Mother faces 4 years in prison for abandoning baby in Amsterdam dumpster

Mother faces 4 years in prison for abandoning baby in Amsterdam dumpster


A 31-year-old woman accused of leaving her baby in an underground waste container in Amsterdam-Slotermeer in 2014 should be convicted and sent to a prison cell for four years, the Public Prosecution Service (OM) said in court on Thursday. The prosecutor said that Todisoa R. deliberately tried to kill her one-month old daughter when the child was abandoned in an underground dumpster.

On Sunday, 26 October 2014, the child was found around 4:15 a.m. by a passerby who heard crying noises coming from within the waste bin on Fritz Conijnstraat. The police and fire brigade together managed to rescue the baby girl.

Nothing was known about the child’s birth parents, or how she ended up in the garbage, until nearly seven years later. During that time, she was adopted into another family. The police identified the mother, R., thanks to a fingerprint left on the bag in which the baby was found in 2014. Last May, Germany extradited the woman to the Netherlands. 

Her attorney said that the R has an intellectual disability.
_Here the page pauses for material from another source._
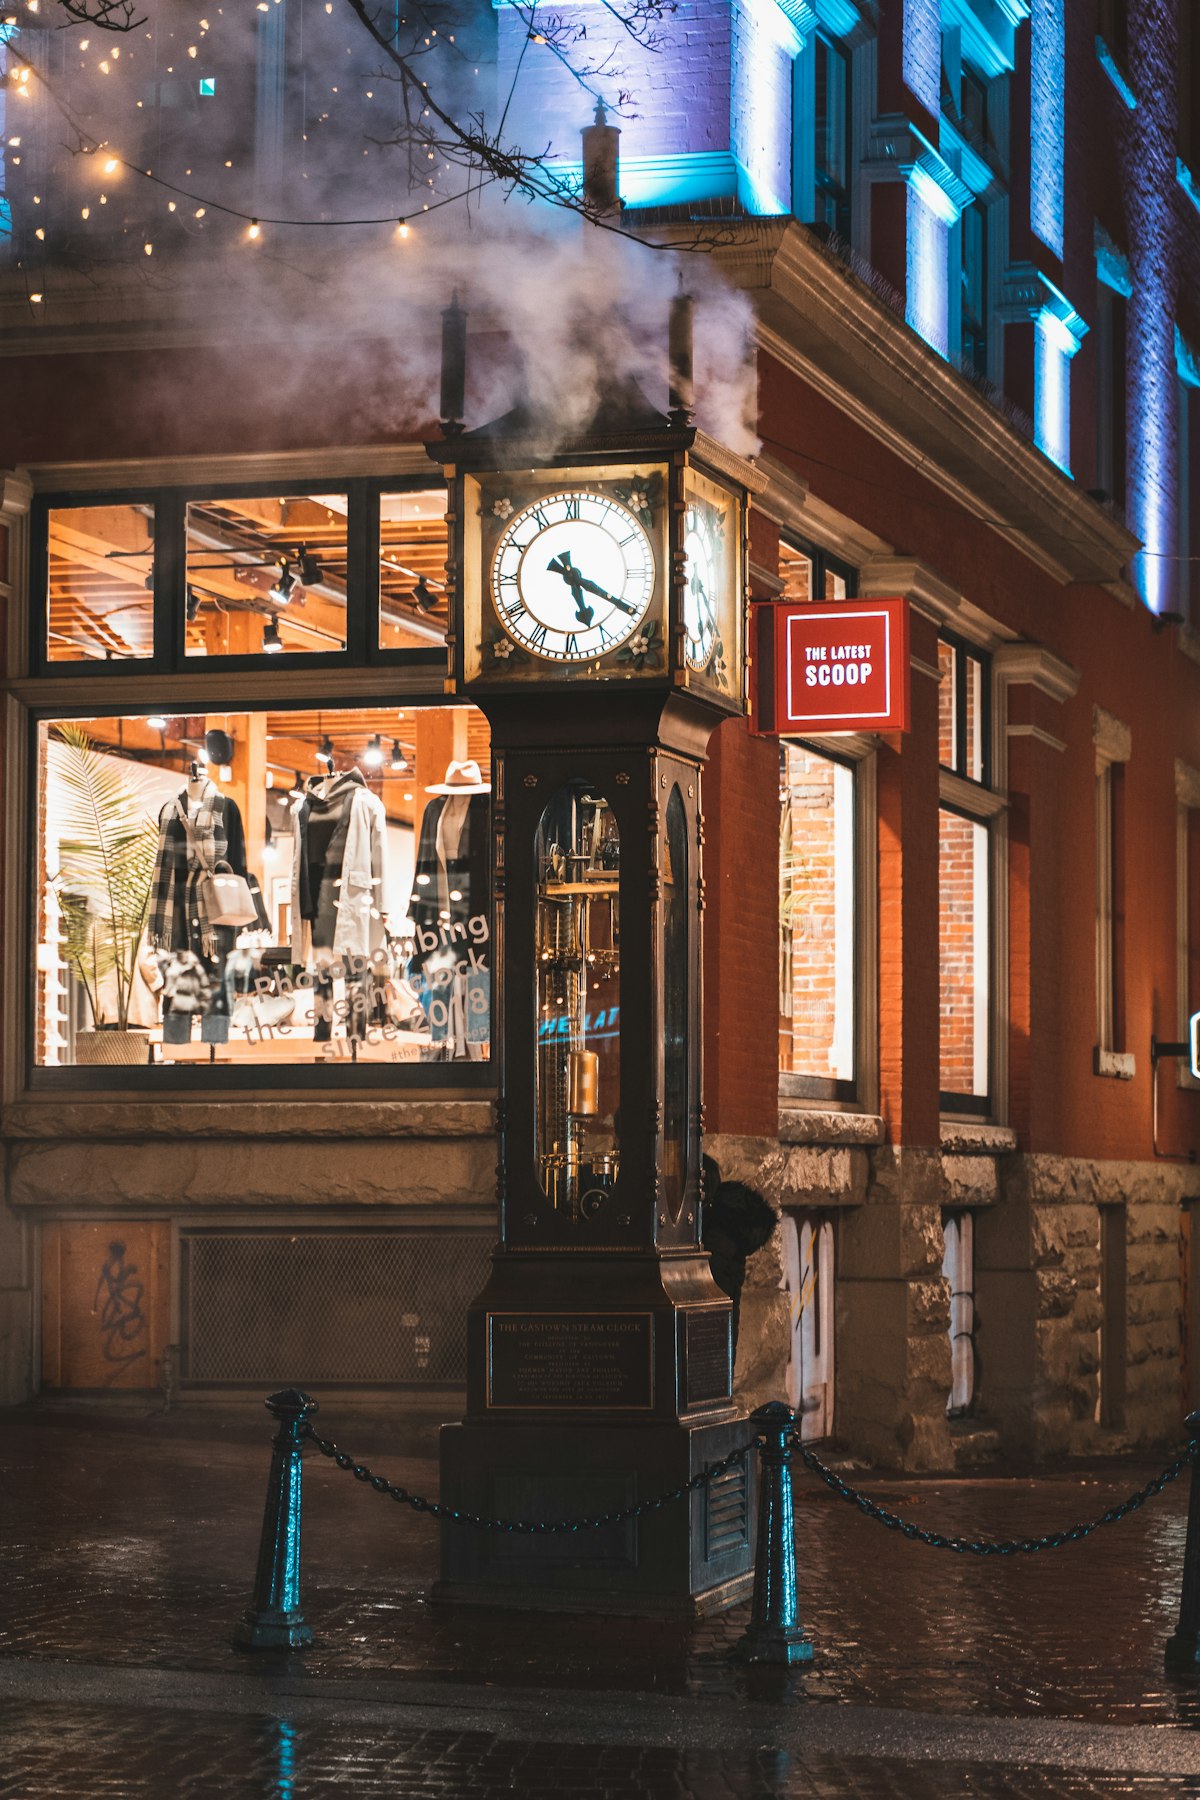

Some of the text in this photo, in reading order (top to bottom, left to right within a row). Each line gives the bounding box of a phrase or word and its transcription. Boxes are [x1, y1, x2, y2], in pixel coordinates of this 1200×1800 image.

Originally from Madagascar, R. moved to the Netherlands as an undocumented immigrant in 2014. She denied leaving her child in the dumpster later that year. She alleged an alternative scenario claiming that the father absconded with the child while R. was sleeping, and then came back to say that the girl was dead.

R said in court that she, “didn’t throw Nomena in the trash.” When explaining further, she added, “But I didn’t do it. I did not do it. I only want a future for my children.” Her attorney said that there was not enough evidence to convict her and called for an acquittal.

The prosecutor dismissed R.’s claims as unlikely, and said the woman’s statements have changed periodically, and added that at one point she confessed to the crime. He said that there was substantial evidence to show she was the person who put the child in the dumpster.

The court will rule on the case on February 10.